**DATASET CONTENT:**
★ ★ ★

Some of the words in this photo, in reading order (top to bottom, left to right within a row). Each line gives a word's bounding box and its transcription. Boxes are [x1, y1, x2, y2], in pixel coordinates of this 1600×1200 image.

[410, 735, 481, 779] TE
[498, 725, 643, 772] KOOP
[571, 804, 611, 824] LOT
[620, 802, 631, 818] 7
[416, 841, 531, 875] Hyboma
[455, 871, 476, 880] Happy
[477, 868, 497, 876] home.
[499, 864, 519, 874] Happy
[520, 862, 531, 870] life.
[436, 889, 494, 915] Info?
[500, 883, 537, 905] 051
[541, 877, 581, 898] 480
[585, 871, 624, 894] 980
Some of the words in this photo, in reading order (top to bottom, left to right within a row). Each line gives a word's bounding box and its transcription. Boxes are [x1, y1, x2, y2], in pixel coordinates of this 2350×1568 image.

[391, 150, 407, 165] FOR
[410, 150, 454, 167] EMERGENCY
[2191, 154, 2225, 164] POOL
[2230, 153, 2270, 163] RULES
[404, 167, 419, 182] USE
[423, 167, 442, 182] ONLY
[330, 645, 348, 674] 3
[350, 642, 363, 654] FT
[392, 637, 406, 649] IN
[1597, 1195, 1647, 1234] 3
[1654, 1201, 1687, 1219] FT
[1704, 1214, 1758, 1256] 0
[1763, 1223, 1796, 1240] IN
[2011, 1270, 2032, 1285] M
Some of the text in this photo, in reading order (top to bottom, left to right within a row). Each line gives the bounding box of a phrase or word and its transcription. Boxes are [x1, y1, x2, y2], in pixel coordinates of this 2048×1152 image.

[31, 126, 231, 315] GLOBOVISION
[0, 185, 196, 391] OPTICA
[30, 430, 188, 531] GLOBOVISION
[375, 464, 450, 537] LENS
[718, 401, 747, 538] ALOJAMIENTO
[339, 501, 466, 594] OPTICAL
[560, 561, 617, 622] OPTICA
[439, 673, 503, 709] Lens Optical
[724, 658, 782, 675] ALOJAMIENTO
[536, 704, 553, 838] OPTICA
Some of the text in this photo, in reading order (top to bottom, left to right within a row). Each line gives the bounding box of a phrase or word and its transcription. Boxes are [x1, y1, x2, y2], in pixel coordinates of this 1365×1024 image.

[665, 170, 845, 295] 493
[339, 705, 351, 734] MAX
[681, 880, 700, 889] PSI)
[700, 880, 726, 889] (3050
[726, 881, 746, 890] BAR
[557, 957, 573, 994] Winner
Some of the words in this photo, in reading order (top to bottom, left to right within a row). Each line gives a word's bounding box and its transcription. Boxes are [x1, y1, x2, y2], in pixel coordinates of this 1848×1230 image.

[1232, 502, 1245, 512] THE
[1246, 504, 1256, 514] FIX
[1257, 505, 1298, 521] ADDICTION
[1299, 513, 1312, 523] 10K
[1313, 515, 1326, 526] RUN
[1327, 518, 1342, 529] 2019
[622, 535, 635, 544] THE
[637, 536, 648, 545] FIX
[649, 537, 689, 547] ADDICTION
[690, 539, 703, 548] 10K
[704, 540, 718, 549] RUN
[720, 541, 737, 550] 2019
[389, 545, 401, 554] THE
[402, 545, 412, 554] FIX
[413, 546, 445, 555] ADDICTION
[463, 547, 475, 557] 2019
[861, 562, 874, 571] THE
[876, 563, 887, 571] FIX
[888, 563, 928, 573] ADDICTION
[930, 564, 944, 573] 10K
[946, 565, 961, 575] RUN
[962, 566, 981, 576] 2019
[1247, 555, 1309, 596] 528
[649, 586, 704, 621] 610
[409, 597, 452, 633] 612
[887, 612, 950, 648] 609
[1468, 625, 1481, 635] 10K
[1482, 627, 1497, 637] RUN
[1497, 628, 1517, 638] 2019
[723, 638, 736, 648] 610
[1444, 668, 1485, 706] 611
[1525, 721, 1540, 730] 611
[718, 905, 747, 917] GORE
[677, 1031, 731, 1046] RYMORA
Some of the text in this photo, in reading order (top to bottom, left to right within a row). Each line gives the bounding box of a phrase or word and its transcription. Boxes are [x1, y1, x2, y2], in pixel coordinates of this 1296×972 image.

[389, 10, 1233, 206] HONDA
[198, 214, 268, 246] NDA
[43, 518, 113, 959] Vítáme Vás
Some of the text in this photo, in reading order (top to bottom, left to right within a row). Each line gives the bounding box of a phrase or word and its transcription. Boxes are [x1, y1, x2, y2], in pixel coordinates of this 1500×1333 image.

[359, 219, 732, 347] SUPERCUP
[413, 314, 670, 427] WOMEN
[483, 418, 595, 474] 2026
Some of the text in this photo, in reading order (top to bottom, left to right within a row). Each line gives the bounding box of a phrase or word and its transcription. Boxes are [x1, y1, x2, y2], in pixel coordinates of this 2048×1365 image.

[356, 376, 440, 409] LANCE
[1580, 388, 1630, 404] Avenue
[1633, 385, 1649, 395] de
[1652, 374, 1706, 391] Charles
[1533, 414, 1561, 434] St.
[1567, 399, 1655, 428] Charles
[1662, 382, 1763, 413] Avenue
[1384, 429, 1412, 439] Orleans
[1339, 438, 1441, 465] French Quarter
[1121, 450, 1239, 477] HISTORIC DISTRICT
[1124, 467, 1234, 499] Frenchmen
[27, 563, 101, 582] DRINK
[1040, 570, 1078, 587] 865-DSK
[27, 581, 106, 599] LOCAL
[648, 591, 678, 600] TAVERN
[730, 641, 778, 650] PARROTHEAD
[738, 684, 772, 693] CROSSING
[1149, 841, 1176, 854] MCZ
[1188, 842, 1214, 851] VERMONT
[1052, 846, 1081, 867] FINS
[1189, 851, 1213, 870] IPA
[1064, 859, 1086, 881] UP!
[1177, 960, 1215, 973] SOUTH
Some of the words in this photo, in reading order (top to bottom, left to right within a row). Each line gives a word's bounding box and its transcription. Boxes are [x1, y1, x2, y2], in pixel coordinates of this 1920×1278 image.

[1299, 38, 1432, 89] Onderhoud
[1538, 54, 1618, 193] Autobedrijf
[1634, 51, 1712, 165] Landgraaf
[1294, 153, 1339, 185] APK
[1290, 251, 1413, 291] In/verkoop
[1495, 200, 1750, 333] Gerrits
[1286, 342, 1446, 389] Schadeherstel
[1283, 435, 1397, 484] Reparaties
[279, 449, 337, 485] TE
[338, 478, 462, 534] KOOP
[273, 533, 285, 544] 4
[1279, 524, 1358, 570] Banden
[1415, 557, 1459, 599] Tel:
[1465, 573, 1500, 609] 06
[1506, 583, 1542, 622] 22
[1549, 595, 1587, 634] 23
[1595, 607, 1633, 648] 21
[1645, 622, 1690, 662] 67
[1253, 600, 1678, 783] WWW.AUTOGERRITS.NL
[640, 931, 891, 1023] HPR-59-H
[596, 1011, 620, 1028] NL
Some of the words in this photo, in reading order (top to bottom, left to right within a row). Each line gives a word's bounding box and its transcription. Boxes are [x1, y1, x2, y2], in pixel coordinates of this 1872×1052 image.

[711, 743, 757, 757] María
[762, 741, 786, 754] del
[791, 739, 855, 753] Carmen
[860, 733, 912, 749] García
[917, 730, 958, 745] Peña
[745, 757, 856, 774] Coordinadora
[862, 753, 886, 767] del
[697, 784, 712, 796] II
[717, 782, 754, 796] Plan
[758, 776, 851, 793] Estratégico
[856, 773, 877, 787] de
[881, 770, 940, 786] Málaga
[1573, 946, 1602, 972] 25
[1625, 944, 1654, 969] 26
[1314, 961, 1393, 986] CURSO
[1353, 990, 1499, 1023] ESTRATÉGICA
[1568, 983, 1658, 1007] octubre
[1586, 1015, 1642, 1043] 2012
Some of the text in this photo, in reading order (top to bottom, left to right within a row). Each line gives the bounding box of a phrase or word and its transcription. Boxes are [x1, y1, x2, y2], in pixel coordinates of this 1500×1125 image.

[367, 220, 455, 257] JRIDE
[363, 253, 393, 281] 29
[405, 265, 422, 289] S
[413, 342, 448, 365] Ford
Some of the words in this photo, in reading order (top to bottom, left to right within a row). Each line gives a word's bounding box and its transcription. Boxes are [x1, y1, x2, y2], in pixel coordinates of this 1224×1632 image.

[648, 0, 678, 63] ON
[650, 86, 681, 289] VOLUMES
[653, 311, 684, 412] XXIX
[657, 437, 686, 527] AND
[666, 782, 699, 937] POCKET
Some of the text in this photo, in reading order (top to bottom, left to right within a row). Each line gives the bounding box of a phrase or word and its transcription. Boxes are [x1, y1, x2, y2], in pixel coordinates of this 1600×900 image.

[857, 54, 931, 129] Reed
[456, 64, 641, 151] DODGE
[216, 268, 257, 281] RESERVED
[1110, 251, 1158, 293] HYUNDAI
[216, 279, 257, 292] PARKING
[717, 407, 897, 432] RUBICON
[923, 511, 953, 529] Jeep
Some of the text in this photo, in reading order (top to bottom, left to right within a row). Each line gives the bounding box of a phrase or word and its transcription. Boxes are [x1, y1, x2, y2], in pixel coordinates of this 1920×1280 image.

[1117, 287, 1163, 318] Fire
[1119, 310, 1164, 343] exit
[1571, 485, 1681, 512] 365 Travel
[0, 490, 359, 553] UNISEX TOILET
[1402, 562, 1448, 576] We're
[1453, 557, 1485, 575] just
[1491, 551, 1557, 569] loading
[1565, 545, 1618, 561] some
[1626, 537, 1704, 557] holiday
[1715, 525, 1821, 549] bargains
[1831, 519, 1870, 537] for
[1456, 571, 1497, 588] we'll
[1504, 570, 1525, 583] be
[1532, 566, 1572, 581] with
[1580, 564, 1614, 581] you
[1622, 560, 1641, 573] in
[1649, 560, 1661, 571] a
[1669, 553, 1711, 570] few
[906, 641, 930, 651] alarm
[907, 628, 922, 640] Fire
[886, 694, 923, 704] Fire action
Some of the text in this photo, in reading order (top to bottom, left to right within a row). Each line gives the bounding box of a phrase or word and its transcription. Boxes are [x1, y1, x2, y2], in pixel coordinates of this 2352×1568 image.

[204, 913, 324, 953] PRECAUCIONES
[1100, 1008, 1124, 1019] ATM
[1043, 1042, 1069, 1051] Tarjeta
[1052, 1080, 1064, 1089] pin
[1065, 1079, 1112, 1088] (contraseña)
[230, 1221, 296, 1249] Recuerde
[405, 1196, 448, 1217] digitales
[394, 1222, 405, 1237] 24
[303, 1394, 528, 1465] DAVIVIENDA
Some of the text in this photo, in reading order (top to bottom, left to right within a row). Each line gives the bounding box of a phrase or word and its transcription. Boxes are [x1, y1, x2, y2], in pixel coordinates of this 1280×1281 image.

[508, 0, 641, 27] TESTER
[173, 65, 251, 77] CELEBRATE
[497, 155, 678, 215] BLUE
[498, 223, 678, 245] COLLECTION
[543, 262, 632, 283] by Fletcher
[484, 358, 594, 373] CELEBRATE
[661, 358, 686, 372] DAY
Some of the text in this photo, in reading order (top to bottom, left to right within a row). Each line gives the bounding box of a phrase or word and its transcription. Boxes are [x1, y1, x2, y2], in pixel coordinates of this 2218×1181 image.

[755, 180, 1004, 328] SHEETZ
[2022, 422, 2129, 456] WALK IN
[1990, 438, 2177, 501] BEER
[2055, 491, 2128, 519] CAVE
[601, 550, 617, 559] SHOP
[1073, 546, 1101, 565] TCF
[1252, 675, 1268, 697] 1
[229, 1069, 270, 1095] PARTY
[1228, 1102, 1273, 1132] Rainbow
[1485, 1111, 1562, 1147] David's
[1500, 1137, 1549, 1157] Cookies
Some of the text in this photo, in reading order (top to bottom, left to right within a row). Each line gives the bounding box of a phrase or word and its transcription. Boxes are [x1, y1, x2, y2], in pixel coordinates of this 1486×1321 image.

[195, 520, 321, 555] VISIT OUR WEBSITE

★ ★ ★

**GOAL OF THE EXERCISE:** Copy exactly. Start at the line containing "this 1486×1321 image." and continue through the last line of the records.

**RESULT FOR THIS TASK:**
Some of the text in this photo, in reading order (top to bottom, left to right within a row). Each line gives the bounding box of a phrase or word and its transcription. Boxes are [x1, y1, x2, y2], in pixel coordinates of this 1486×1321 image.

[195, 520, 321, 555] VISIT OUR WEBSITE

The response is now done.